Sunday, January 03, 2010

The Green Fairy

Among the new things I tried over this New Year's weekend was absinthe AKA the green fairy. Absinthe is a distilled spirit with a very high alcohol content (between 45%-75% ABV). Having been banned for most of the 20th century here in the U.S., I've been wanting to try it since the ban was lifted in 2007. The spirit was banned because it was thought to cause madness and hallucinations but the only real danger is from the high alcohol content.

I ordered the drink during our New Year's Eve celebration at the Girl and the Fig restaurant in Sonoma on the Square. They served the drink with 1 part absinthe to 3 parts water in a small pitcher. They provided me with a glass, a special slotted absinthe spoon, and the all important sugar cube. You pour the drink very slowly over the sugar cube, letting it dribble into the glass. This is the traditional "French Method." The resulting liquid is soft green and cloudy (known as the "louche"). This little ritual felt very exotic when everyone else at the table was drinking champagne and cocktails.

Absinthe has flavors of anise, fennel, and star anise which means it tastes and smells like ultra powerful black liquorice with menthol at first.
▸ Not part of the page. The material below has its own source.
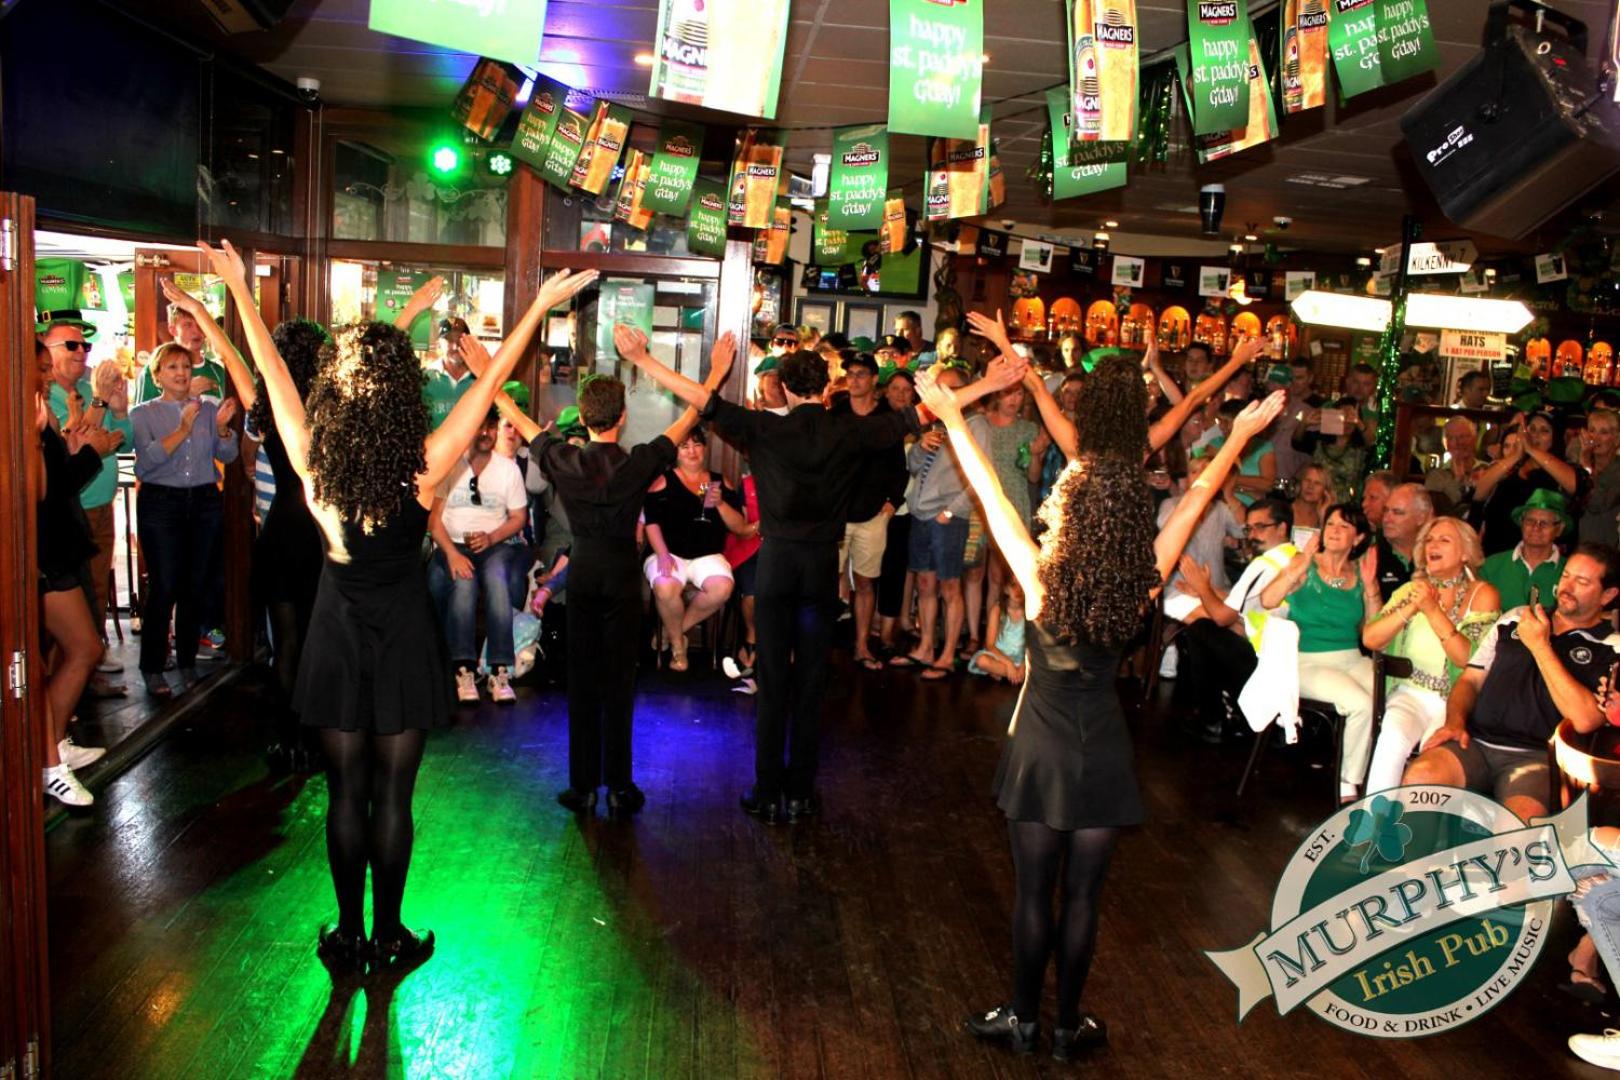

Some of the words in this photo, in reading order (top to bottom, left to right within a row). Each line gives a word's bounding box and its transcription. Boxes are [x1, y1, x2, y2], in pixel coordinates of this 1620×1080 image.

I thought the drink would be super sweet like a liquor, but the sugar cube seems to smooth and mellow out the flavor rather than add any sweetness. I sipped it slowly while eating croque monsieur. Over time, absinthe mellows considerably and I enjoyed having it with my meal. I was surprised I enjoyed it so much since I can't stand the taste of black liquorice.

I did get a buzz on but eating a good dinner kept things from getting out of control. It was a strange buzz. I didn't actually feel all that drunk but I was definitely not sober. Another side effect of absinthe is it completely screwed up my taste buds. For the rest of the evening and all the next day and night everything I drank tasted awful. Eating was no problem but we stopped at a winery on the way to a sparkling wine/champagne party and I couldn't really pull any flavors from the wine. I seemed more aware of the textures than anything else. When we got to the party I couldn't drink any sparkling wine/champagne. All of it tasted TERRIBLE. Our hostess opened a magnum later that evening, and everyone assured me it was really good but it tasted harsh and bitter. Oh well.
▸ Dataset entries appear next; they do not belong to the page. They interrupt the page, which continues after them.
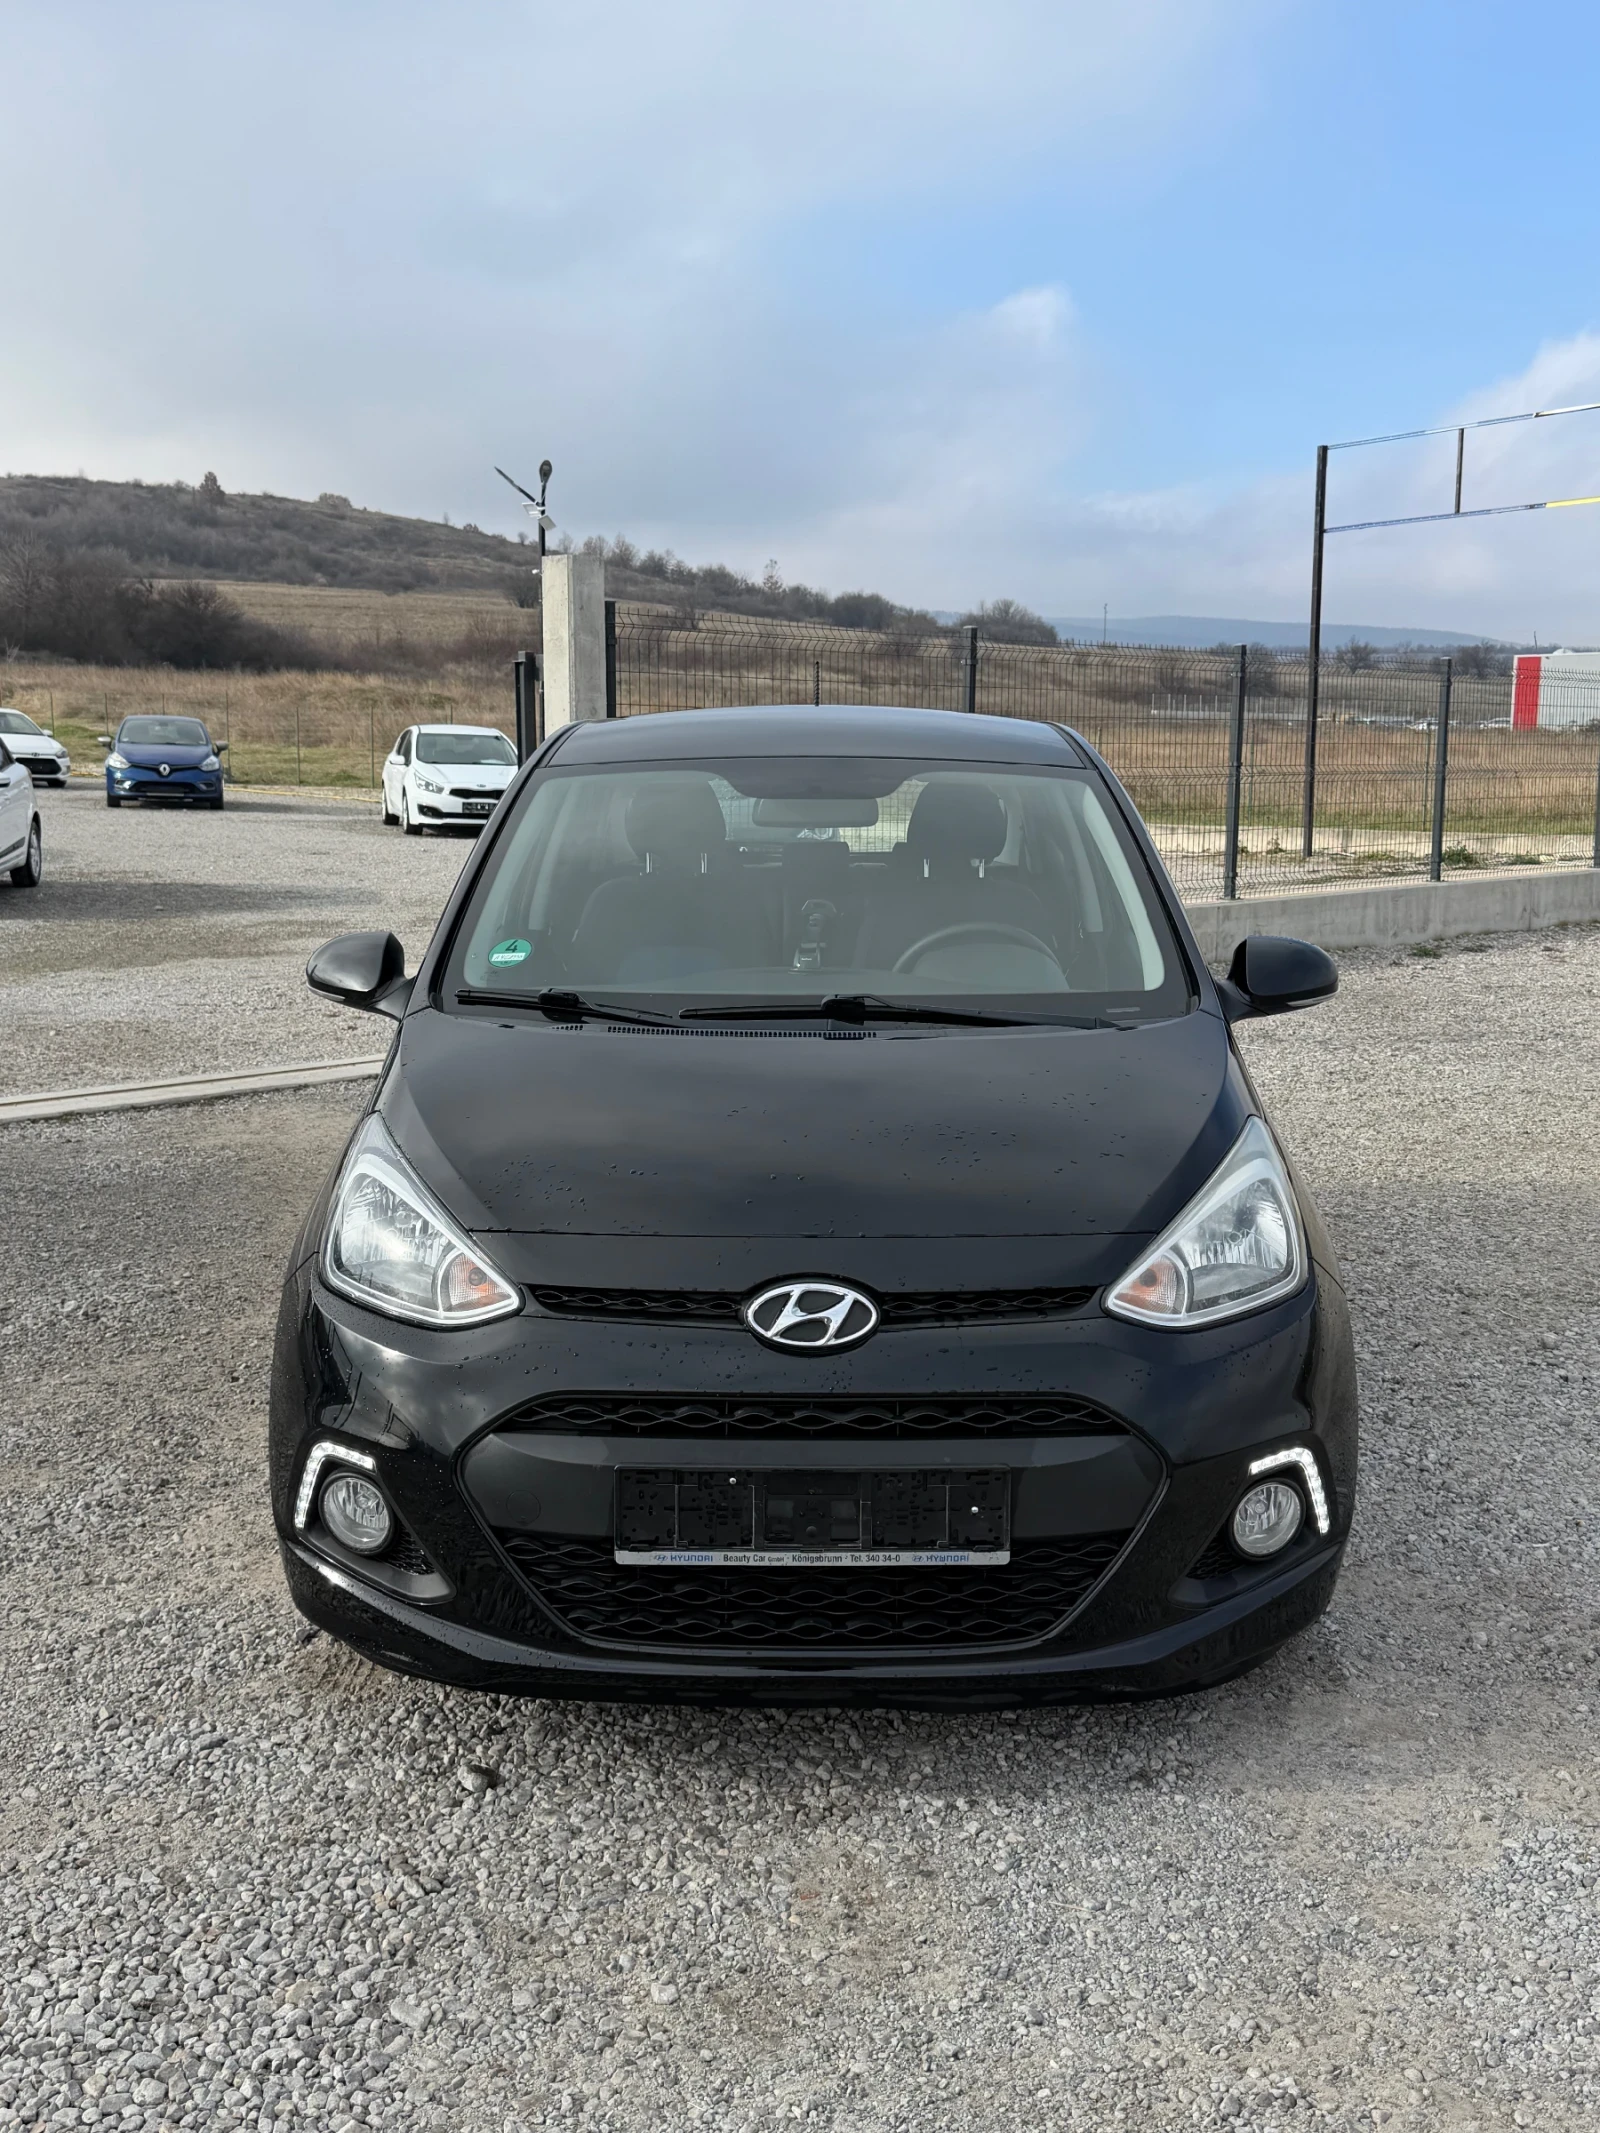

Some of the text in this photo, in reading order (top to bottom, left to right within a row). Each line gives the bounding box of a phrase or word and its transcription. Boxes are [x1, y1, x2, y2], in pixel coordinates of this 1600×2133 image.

[505, 939, 519, 953] 4
[670, 1554, 713, 1562] HYUNDAI
[723, 1554, 751, 1564] Beauty
[753, 1554, 766, 1562] Car
[792, 1554, 843, 1564] Königsbrunn
[850, 1554, 863, 1562] Tel.
[865, 1554, 880, 1562] 340
[882, 1554, 901, 1562] 34-0
[926, 1554, 970, 1562] HYUNDAI
I had been concerned about being able to taste properly because the next day I could still taste anise. It was almost like garlic coming out of your pores the next day. Very interesting. Now I know never to drink absinthe during a wine tasting weekend.

1 comment:

Bon Vivant said...

I recently read that it's not the wormwood that is the "bad" ingredient but a compound called thujone. Thujone is highly regulated and only trace amounts will be found in absinthe sold in the US.